Lower Blepharoplasty Key Facts
| Feature | Detail |
|---|---|
| Also called | Lower eyelid surgery |
| Main concerns treated | Under-eye bags, fat prolapse, tear trough hollowing, selected skin excess |
| Must be differentiated from | Cheek descent, malar bags, festoons |
| Main approaches | Transconjunctival, transcutaneous, with optional skin pinch or fat repositioning |
| Procedure time | Usually 45 minutes to 1.5 hours |
| Anaesthesia | General anaesthesia |
| Setting | Day surgery in hospital |
| Incision | Inside lower eyelid (transconjunctival) or just below lower lash line (transcutaneous) |
| External scar | None with transconjunctival; fine sub-ciliary line with transcutaneous |
| Medicare | Not Medicare-eligible (cosmetic procedure) |
| Private health insurance | Not covered |
| Cost | $9,000 to $14,000 all-inclusive |
| Consultation fee | $450 |
| Recovery to desk work | Transconjunctival: 5 to 7 days. Transcutaneous: 10 to 14 days |
| Exercise restriction | 6 weeks |
| Sydney consultation locations | Bondi Junction, Manly |
| Surgery locations | Bondi Junction Private Hospital, Delmar Private Hospital (Dee Why) |
| Surgeon | Dr Scott J Turner, FRACS (AHPRA MED0001654827) |
What does lower blepharoplasty address?
Lower blepharoplasty addresses three lower eyelid concerns: protruding fat that produces the appearance of under-eye bags, hollowing along the tear trough where the lid meets the cheek, and excess skin along the lower eyelid. These often coexist, but the surgical plan depends on which is dominant.
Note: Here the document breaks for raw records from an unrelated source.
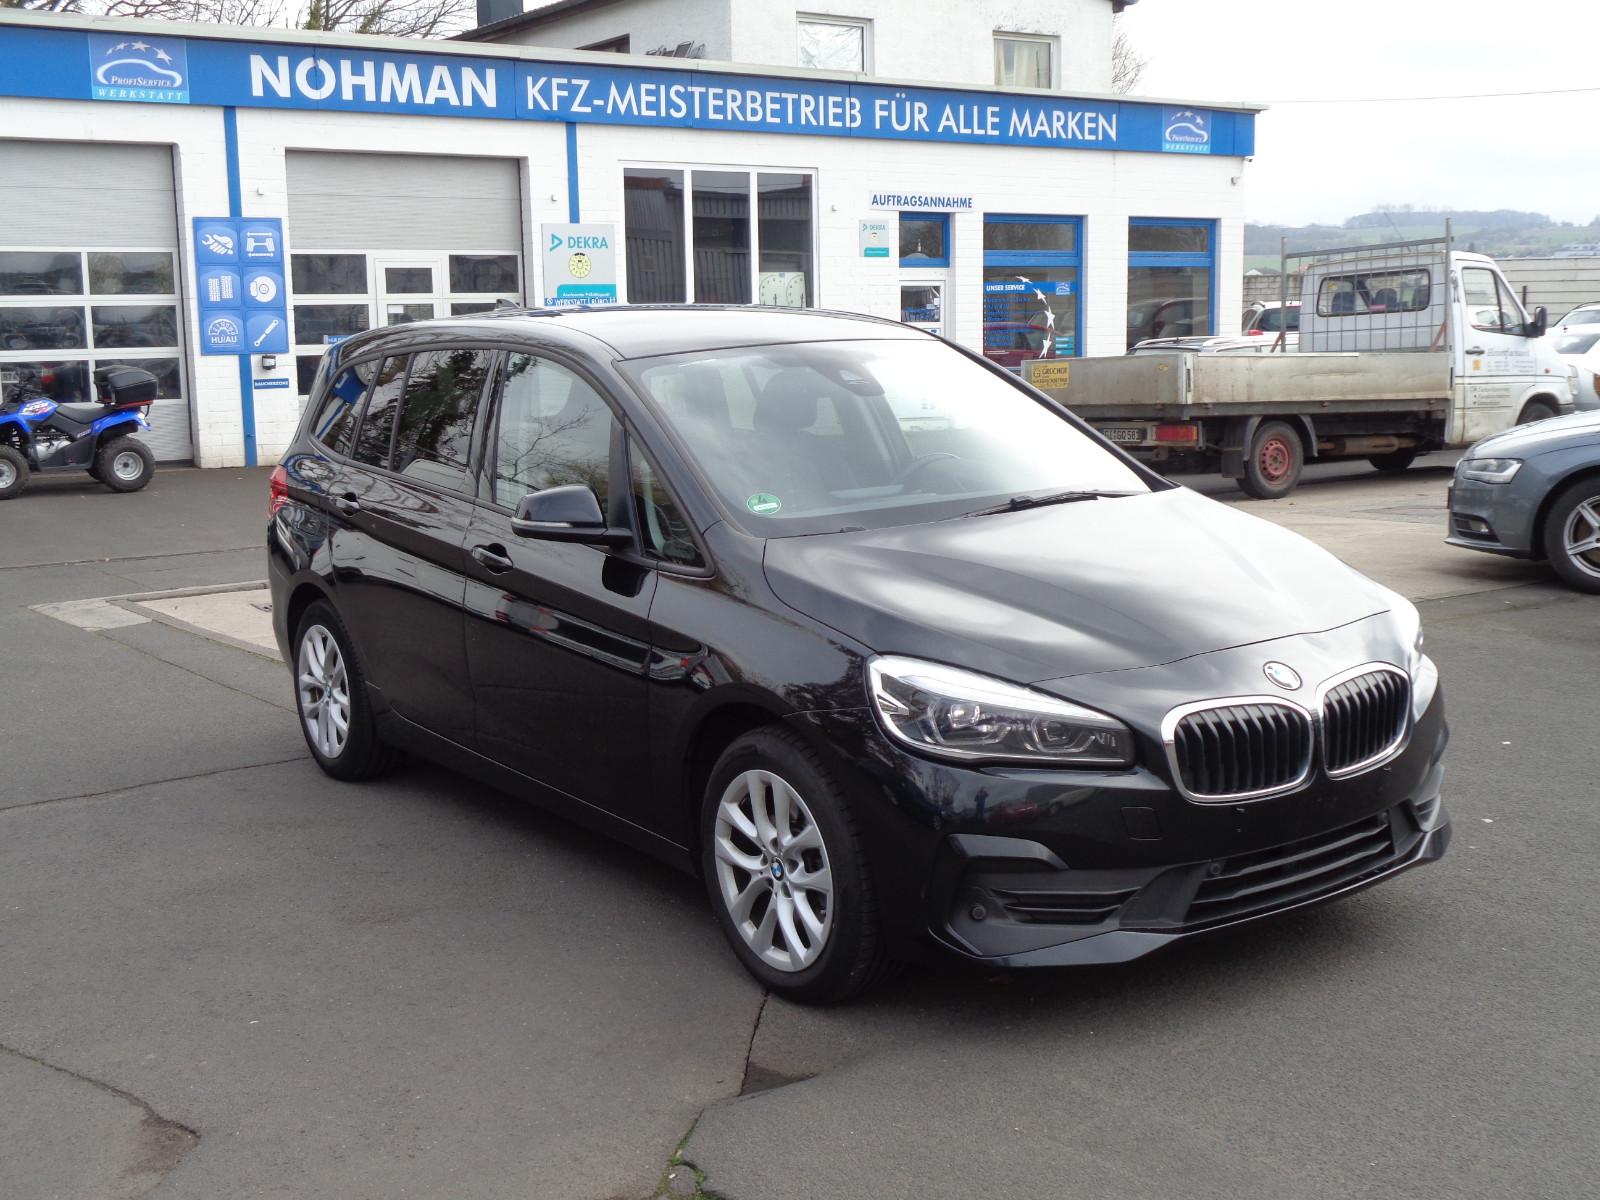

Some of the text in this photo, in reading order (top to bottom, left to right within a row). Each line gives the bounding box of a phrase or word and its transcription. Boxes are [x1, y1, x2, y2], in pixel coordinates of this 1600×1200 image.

[250, 54, 497, 108] NOHMAN
[98, 88, 184, 101] WERKSTATT
[526, 75, 1117, 142] KFZ-MEISTERBETRIEB FÜR ALLE MARKEN
[871, 194, 973, 209] AUFTRAGSANNAHME
[567, 236, 609, 249] DEKRA
[211, 335, 237, 344] HU/AU
The orbital septum is a thin band of tissue that holds the fat behind the eye in place. With age, sun exposure, and genetic factors, the septum weakens and the fat compartments begin to protrude forward through it. This produces the classic “bag” appearance under the eye. In some patients the lower lid skin also loses elasticity and excess skin develops, which is visible particularly when smiling. In others the cheek tissues descend, producing a deeper crease at the lid-cheek junction known as the tear trough.
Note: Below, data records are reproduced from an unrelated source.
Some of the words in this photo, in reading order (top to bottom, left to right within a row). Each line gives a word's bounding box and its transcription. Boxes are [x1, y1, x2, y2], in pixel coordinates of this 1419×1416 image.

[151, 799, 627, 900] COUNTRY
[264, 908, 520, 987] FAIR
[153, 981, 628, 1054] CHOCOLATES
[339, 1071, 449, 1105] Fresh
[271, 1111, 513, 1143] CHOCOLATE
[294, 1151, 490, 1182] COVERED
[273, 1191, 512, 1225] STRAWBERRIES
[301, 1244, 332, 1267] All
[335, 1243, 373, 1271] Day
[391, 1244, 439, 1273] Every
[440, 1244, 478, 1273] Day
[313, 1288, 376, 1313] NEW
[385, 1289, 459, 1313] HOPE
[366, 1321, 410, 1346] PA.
Lower blepharoplasty addresses these structural changes by either removing the protruding fat, repositioning it into the tear trough to fill the hollow, or removing excess skin where present. The procedure does not address fluid retention, allergic puffiness, dark circles caused by skin pigmentation, or fine lines outside the surgical field. It is a structural correction, not a surface treatment.
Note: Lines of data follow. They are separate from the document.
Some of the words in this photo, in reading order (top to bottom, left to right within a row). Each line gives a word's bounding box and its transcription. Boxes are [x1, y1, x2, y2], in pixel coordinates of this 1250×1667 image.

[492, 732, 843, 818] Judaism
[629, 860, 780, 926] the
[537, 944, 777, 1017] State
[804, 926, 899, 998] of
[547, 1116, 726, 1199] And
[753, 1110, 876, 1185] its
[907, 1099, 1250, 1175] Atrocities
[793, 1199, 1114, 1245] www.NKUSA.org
Is it the lower eyelid or the cheek?
One of the most common consultation findings is that what appears to be a lower eyelid issue is partly or entirely caused by structures outside the eyelid itself. Four diagnostic distinctions matter:
- Lower eyelid fat prolapse. True fat protrusion through a weakened orbital septum produces the appearance of an under-eye bag that worsens with age and with fluid retention or fatigue. This is the classic indication for lower blepharoplasty, addressable through either the transconjunctival or transcutaneous approach.
- Tear trough hollowing. The depression between the lower eyelid and the cheek can deepen with age or be a constitutional feature present in younger patients. Where fat prolapse and tear trough coexist, fat repositioning during the same operation can address both concerns.
- Malar bags and festoons. Fluid-retentive fullness sitting in the malar area (cheek), below the orbital rim. These are not eyelid issues and are not addressed by lower blepharoplasty. Festoons in particular can be mistaken for under-eye bags but sit lower on the face, beneath where the orbital rim ends. Where festoons or malar bags are the primary concern, lower blepharoplasty alone will not resolve them and may make the contrast more obvious.
- Cheek descent. Where the midface and cheek tissues have descended, the lid-cheek junction can appear hollow regardless of the lower lid itself. Mid-face lift, fat repositioning, or fat grafting may be the appropriate procedure rather than blepharoplasty.
A skin pinch technique can be added to a transconjunctival lower blepharoplasty to address mild lower eyelid skin laxity without committing to a full transcutaneous incision. This involves excising a small strip of excess skin just below the lash line, leaving a very fine scar in a hidden position. Skin pinch is appropriate for mild skin laxity only; significant excess skin requires the full transcutaneous approach.
Getting this diagnosis right matters. Removing fat from a lower lid where the apparent bag is actually a festoon, or where the underlying issue is cheek descent, can leave the original concern unresolved and produce a hollow appearance under the eye. Physical assessment at consultation includes evaluation of the lid-cheek junction, the orbital rim, the malar fat pad position, and skin elasticity. The findings determine whether lower blepharoplasty alone, lower blepharoplasty with a midface procedure, or a different operation entirely is the appropriate plan.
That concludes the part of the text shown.